Au début j’ai pensé écrire un texte de pure fiction dans lequel j’aurais mis tout ce que j’avais vu et entendu quand j’étais petite. Ensuite je me suis dit que si je procédais ainsi, ça ne produirait qu’une histoire parmi d’autres. Il fallait que je donne une base documentaire au roman. J’ai donc choisi de suivre l’autobiographie, ce qui a des conséquences sur l’écriture. J’ai mis au centre du roman le processus de la mémoire, du souvenir, et j’ai essayé de trouver à quel moment, où, quand, comment ces souvenirs remontaient en leur donnant une forme littéraire. C’est, je pense, ce qui donne au roman son aspect fragmentaire.
Cette construction reflète parfaitement le processus d’apprentissage chaotique du personnage et de compréhension du lecteur. Mais elle traduit aussi une difficile mise à distance de l’enfance par la narratrice grandissante, qui a parfois besoin de se désigner comme « l’enfant » pour avancer réellement. Que traduit cette temporalité par à-coups ?
Il était très important pour moi de raconter l’histoire en allant au-delà de l’histoire de l’enfant. En effet, si j’avais arrêté le roman à la fin de l’enfance, il serait resté une victime. Or, je souhaitais absolument montrer le processus d’évolution, de dépassement de l’enfant. Montrer comment la réflexion se fait jour et d’entraîner les lecteurs dans ce processus de réflexion.
Ce regard d’enfant avec lequel s’ouvre le roman permet de transmettre des descriptions extrêmement minutieuses quant aux détails du quotidien, conférant une dimension quasi anthropologique au roman. Aviez-vous conscience de cet effet ?
Oui. Le souvenir n’existe que parce qu’il y a une langue. Pour moi, ce roman traite de la disparition d’une culture du quotidien. C’est la raison pour laquelle je souhaitais prendre le temps de transmettre un certain nombre de détails, comme c’est le cas dans les scènes où la grand-mère cuisine, ou lorsque je décris le travail du père.

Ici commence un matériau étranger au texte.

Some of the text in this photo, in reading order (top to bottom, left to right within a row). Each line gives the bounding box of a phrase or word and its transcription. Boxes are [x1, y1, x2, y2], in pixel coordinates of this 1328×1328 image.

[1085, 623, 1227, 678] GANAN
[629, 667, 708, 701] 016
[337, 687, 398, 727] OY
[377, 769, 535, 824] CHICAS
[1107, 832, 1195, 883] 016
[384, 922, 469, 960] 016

C’était fondamental car il ne fallait pas que, par l’écriture et par la langue, cette culture tombe dans l’oubli.
Dans cette description du quotidien, les femmes occupent une place de premier plan. Est-ce le pur reflet de la réalité d’alors ou une façon de souligner le rôle central de ces personnes souvent oubliées ?
Ce qui m’intéressait était de montrer l’engagement de ces femmes et la façon dont elles rentrent dans l’histoire. Il était crucial qu’elles ne soient pas négligées par la postérité. Je l’ai fait intuitivement au début, mais en réalité cela rejoint un intérêt profond.

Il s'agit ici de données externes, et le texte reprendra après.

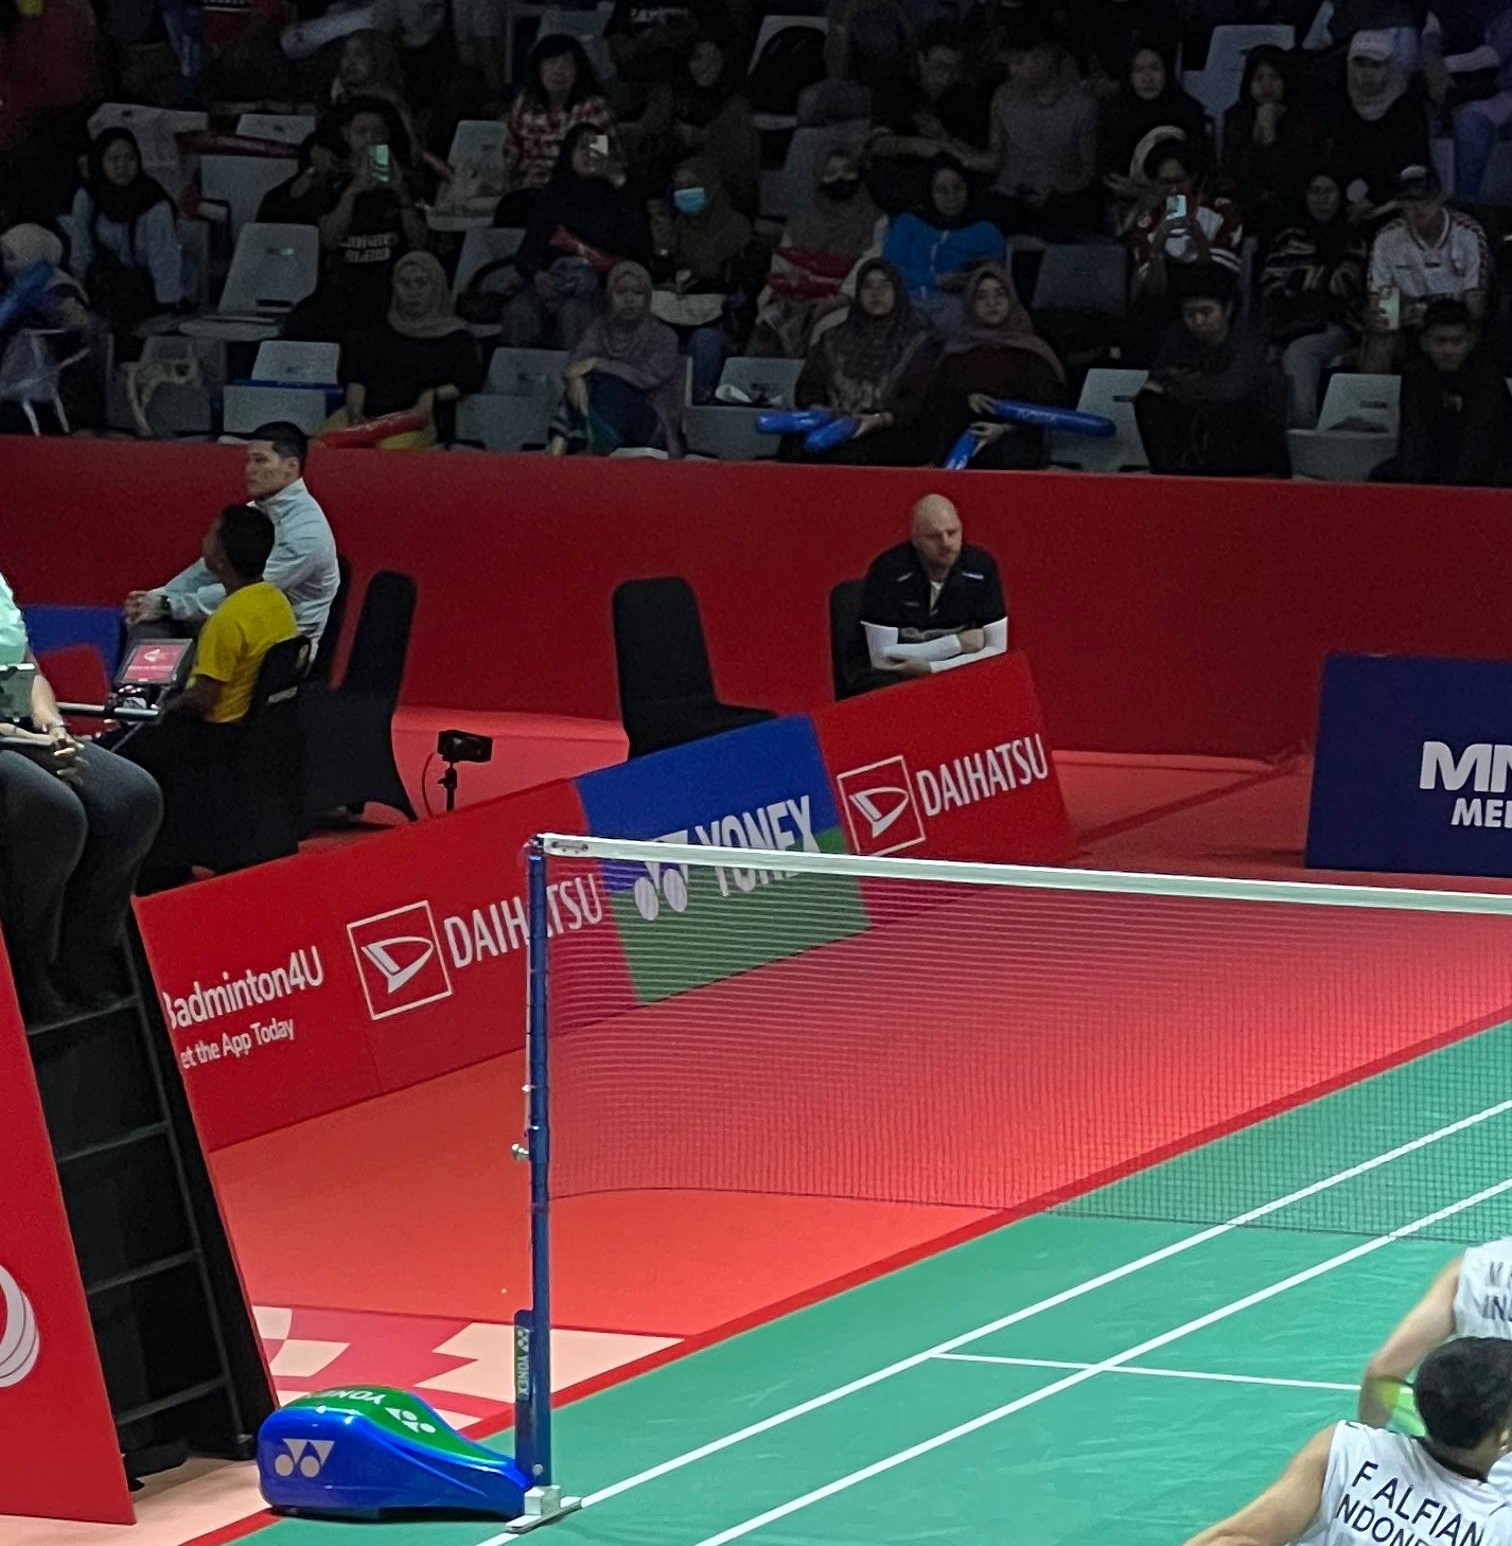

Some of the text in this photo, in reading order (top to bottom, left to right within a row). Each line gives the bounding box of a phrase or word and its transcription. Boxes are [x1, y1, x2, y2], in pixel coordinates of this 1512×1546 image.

Le moment où la jeune fille prend pour la première fois conscience qu’elle appartient à une minorité méprisée est celui de son entrée à l’école, lorsqu’elle choisit de suivre des cours en slovène plutôt qu’en allemand. Est-ce une façon pour elle de reprendre le flambeau du combat des partisans menés par ses grands-parents ?
Bien sûr, c’est un devoir que se donne cette jeune fille. Au moment où elle prend conscience qu’elle appartient à cette minorité, il y a un phénomène d’identification très fort chez elle avec la culture et la langue slovènes. Le moment où elle va à l’école et se décide pour le slovène est le moment clef de la prise de conscience. C’est un moment très fort car il marque un début de politisation, même s’il est inconscient au départ.
Un choix qui renvoie à la conception même de ce qu’est une langue : est-ce un medium purement utilitaire ? Un vecteur de culture ? Un instrument de domination. ? D’autant plus que le langage est le est le matériau primaire de la romancière…
À travers cette politisation, la jeune fille découvre qu’il y a une hiérarchie des langues et, au-delà, un rapport de pouvoir entre les langues, les luttes de pouvoir dans la société. Elle découvre aussi que cette langue qu’elle a choisie n’a pas de fonction dans la société ou dans le domaine public. C’est presque une langue cachée, le slovène étant surtout la langue de la famille. Elle n’avait aucune fonction publique, sociale. En même temps, c’est la langue de l’identité. Une identité cachée qui devient un instrument politique. Car, à l’inverse, un bon citoyen de Carinthie se doit de refouler complètement le slovène.
Un autre aspect frappant de votre roman, largement tourné vers le passé, tient au fait qu’il est essentiellement écrit au présent.
Ingeborg Bachmann disait que « l’écriture n’a pas lieu en dehors d’une situation historique donnée », tout en se sentant « suspendue à la ligne haute tension du présent ». De même, votre narratrice s’efforce de s’ancrer dans le présent tandis que ses parents ne cessent d’évoquer le passé. Écrire au présent était-il un moyen de transmettre cette envie de la narratrice ?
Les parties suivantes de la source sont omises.